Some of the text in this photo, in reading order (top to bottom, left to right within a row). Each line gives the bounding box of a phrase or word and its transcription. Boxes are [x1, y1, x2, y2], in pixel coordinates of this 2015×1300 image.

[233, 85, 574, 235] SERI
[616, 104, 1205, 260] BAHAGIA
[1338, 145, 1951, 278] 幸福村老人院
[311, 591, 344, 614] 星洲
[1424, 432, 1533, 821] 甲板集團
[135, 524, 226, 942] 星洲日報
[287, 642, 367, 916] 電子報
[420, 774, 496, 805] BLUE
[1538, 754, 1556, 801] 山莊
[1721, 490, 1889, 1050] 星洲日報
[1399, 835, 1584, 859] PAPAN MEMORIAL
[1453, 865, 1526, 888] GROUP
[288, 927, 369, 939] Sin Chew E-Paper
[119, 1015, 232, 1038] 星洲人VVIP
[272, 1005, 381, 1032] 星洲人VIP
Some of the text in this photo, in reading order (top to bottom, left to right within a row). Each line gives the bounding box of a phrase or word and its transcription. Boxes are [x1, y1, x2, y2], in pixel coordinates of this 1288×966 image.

————————

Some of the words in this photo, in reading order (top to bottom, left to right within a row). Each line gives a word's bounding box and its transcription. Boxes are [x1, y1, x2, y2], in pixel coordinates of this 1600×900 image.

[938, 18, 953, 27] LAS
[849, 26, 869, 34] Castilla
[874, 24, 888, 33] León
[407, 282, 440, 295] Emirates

————————

Restate word for word the lines in the material above from the one with "this 2015×1300 image." to the one with "this 1288×966 image."; both of those lines count, and nothing else does.

◆ TASK ANSWER
Some of the text in this photo, in reading order (top to bottom, left to right within a row). Each line gives the bounding box of a phrase or word and its transcription. Boxes are [x1, y1, x2, y2], in pixel coordinates of this 2015×1300 image.

[233, 85, 574, 235] SERI
[616, 104, 1205, 260] BAHAGIA
[1338, 145, 1951, 278] 幸福村老人院
[311, 591, 344, 614] 星洲
[1424, 432, 1533, 821] 甲板集團
[135, 524, 226, 942] 星洲日報
[287, 642, 367, 916] 電子報
[420, 774, 496, 805] BLUE
[1538, 754, 1556, 801] 山莊
[1721, 490, 1889, 1050] 星洲日報
[1399, 835, 1584, 859] PAPAN MEMORIAL
[1453, 865, 1526, 888] GROUP
[288, 927, 369, 939] Sin Chew E-Paper
[119, 1015, 232, 1038] 星洲人VVIP
[272, 1005, 381, 1032] 星洲人VIP
Some of the text in this photo, in reading order (top to bottom, left to right within a row). Each line gives the bounding box of a phrase or word and its transcription. Boxes are [x1, y1, x2, y2], in pixel coordinates of this 1288×966 image.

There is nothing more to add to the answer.